Conscient des risques et des enjeux qu'implique un tel investissement dans un registre metal en proie à une féroce concurrence, le trio ne chercha nullement à précipiter les événements, loin s'en faut. Mû par un soudain élan d'inspiration, celui-ci réalisera tout d'abord trois singles («
Losing Rhythm » ; « All I Want to Say », avec la participation de l'éminent vocaliste Tom S. Englund (
Evergrey,
Redemption,
Silent Skies) ; «
Breathe »), soit trois des six pistes de son premier et présent EP, «
Duality I ». Sortie quelques mois suite à ces trois vibrantes offrandes, cette auto-production généreuse de ses 35 minutes nous immerge au sein d'un univers pop metal mélodico-symphonique et moderne. Ce faisant, le message musical délivré se fait à la fois rayonnant, fringant, énigmatique et fortement chargé en émotion, où l'ombre de
Delain, Volturian,
Lacuna Coil,
Amaranthe et
Draconian plane sur nombre de ses arpèges d'accords. Cet effort bénéficiant, par ailleurs, d'une belle profondeur de champ acoustique et de finitions passées au crible, c'est sans ambages que le chaland ira au terme du voyage. Il ne nous reste plus qu'à lever l'ancre et voguer sur cette mer limpide à la profonde agitation intérieure en quête de quelques terres d'abondance...
Si le plus clair de la traversée s'effectue en eaux tumultueuses, l'embarcation ne tiendra pas moins le cap, notre équipage parvenant alors à nous assigner à résidence la plupart du temps. Ainsi, c'est d'un battement de cils que le refrain catchy exhalant des entrailles de «
Breathe » happera le pavillon du quidam. Glissant le long d'une radieuse rivière mélodique sur laquelle se calent les chatoyantes inflexions de la sirène, nourri de truculentes rampes synthétiques et recelant un flamboyant solo de guitare, ce frondeur méfait à mi-chemin entre
Delain et Volturian joue dans la catégorie des hits en puissance, que l'on ne quittera que pour mieux y revenir, histoire de plonger à nouveau dans cet océan de félicité. Dans cette mouvance, on pourra également retenir « My Release », pulsionnel et organique effort dans le sillage coalisé de
Lacuna Coil et
Amaranthe, tant pour son infiltrant cheminement d'harmoniques que pour son refrain immersif à souhait mis en exergue par les serpes oratoires d'une interprète bien habitée.

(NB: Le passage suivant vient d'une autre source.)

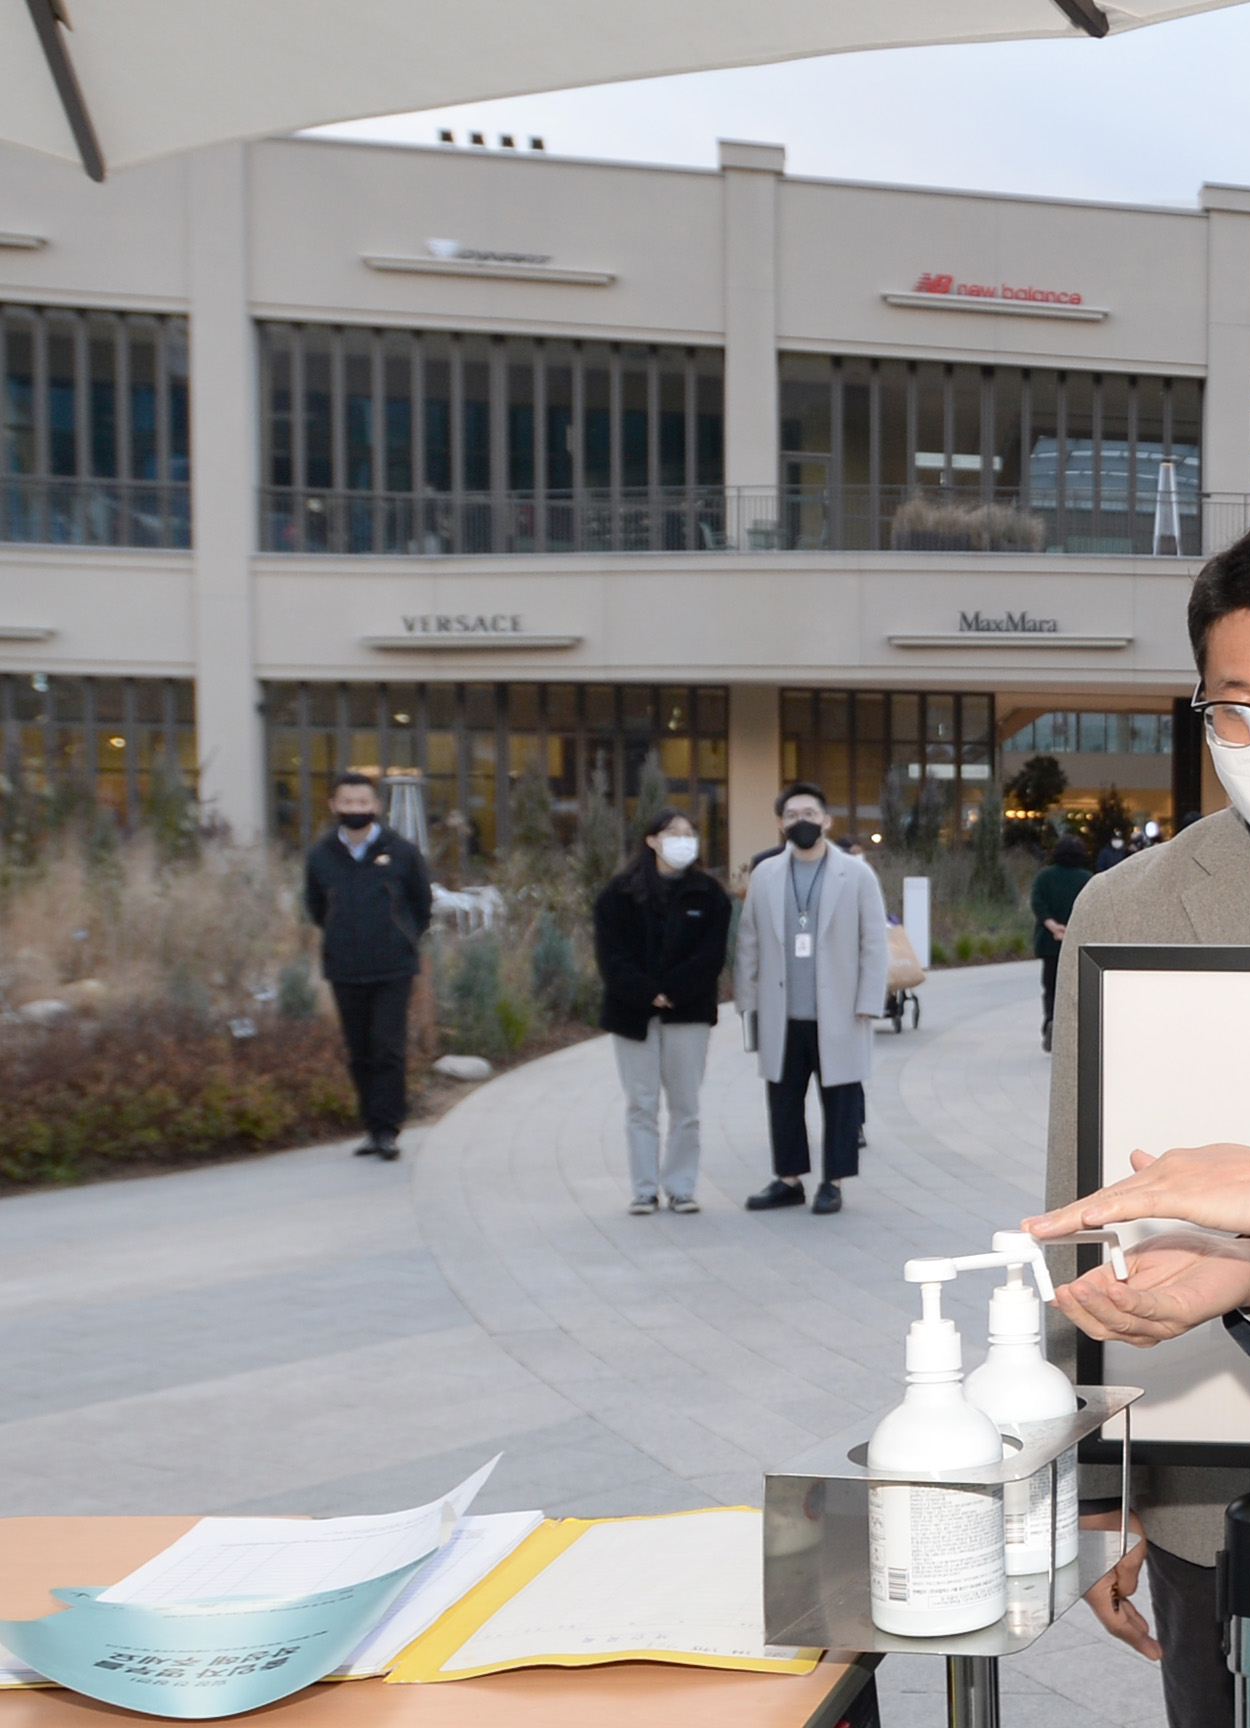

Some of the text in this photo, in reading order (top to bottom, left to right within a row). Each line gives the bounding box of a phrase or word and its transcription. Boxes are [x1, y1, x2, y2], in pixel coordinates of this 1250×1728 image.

[957, 283, 996, 298] new
[1002, 284, 1082, 305] balance
[401, 613, 525, 632] VERSACE
[959, 610, 1058, 632] MaxMara
[108, 1652, 202, 1668] 주세요

Dans une même énergie mais moins directement orientés vers les charts, d'autres espaces d'expression tireront également leur épingle du jeu. Ce qu'atteste, d'une part, le tonique et ''lacunacoilesque'' «
Losing Rhythm » ; nourri de riffs épais adossés à une rageuse rythmique, laissant parallèlement entrevoir des growls caverneux venus en contre-point des envoûtantes ondulations de la déesse, et ne relâchant son étreinte qu'en de rares instants, le saillant manifeste poussera assurément à un headbang bien senti. Et ce, même si l'on pourra regretter la tenace répétibilité de ses schèmes d'harmoniques en bout de course. On ne pourra davantage esquiver les riffs en tirs en rafale ni les enivrants couplets de l'invitant « The Change » ; un sanguin propos metal gothico-symphonique aux relents metal moderne, au carrefour entre
Amaranthe, Volturian et
Lacuna Coil, incitatif au réenclenchement de la touche play du lecteur cd.

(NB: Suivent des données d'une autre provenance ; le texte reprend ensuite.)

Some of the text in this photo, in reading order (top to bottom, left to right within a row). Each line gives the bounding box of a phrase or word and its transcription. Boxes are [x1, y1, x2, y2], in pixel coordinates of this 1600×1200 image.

Quand il ralentit la cadence d'un cheveu, le collectif trouve à nouveau les clés pour nous retenir, un peu malgré nous. Ce qu'illustre le mid tempo syncopé « Falling
Down » eu égard à son entêtant refrain et à son insoupçonnée et délectable coloration dark gothique. A la confluence de
Lacuna Coil, Metalite et
Draconian, cet énigmatique et synthétique manifeste livre un poignant face à face entre les growls ombrageux d'une bête grincheuse et les angéliques impulsions de la belle. Et la sauce prend, là encore, sans tarder. Mais le masterpiece ne nous sera révélé qu'à la sixième piste, à l'aune de la power ballade « All I Want to Say » ; une véritable invitation au voyage en d'oniriques contrées 8 minutes durant, en somme. Magnifié par le tandem Alice Hartvig/Tom S. Englund, alors en parfaite osmose, greffé sur un sillon mélodique des plus enveloppants, et se chargeant graduellement en émotion au fil de sa progression, l'instant privilégié ne saurait être éludé par l'aficionado du genre intimiste.

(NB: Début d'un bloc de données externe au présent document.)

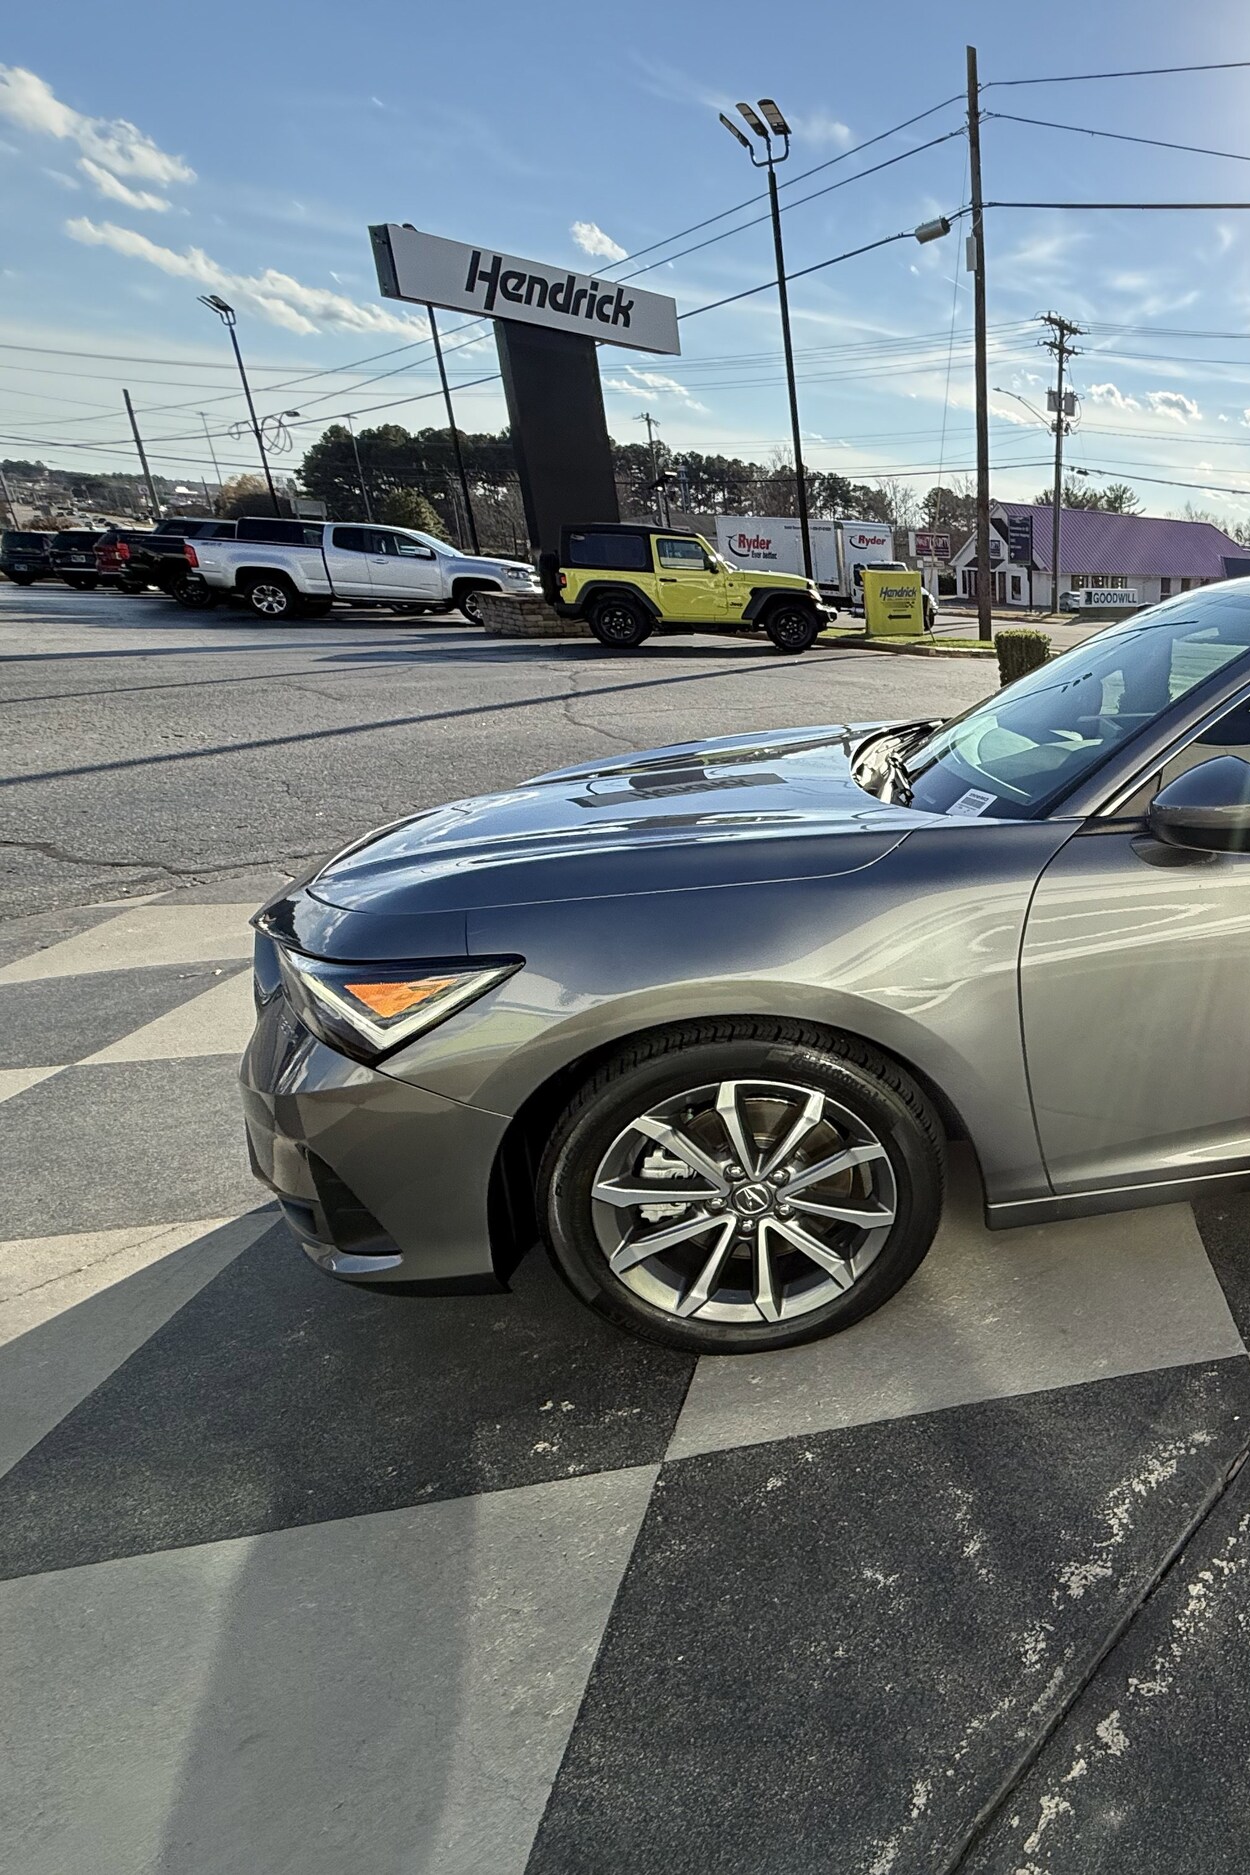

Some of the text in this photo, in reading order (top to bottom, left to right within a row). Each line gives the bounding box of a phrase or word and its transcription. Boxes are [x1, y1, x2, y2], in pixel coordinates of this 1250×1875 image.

[465, 250, 635, 328] Hendrick
[738, 533, 772, 552] Ryder
[859, 534, 886, 546] Ryder
[879, 586, 917, 601] Hendrick
[1093, 592, 1137, 604] GOODWILL

Pour son premier vol, force est d'observer que l'escadron suédois exécute un looping parfaitement contrôlé. Nous livrant un message musical à la fois volontiers vitaminé, empreint de mystère, enjoué, un brin romantique, témoignant d'une ingénierie du son plutôt soignée mais nullement aseptisée, la troupe aurait de sérieux atouts pour emporter l'adhésion. Pour se sustenter, on aurait néanmoins espéré un propos plus varié sur le plan atmosphérique et des exercices de style plus diversifiés qu'ils n'apparaissent. Si les prises de risque sont peau de chagrin, les qualités techniques, mélodiques et interprétatives comme l'heureuse fusion de styles ne sauraient empêcher le trio nord-européen de se hisser dores et déjà parmi les sérieux espoirs de ce registre metal. Alors pourquoi ne pas se laisser porter par les vibes de ce premier mouvement cristallisant une sémillante, énigmatique et poignante entrée en matière...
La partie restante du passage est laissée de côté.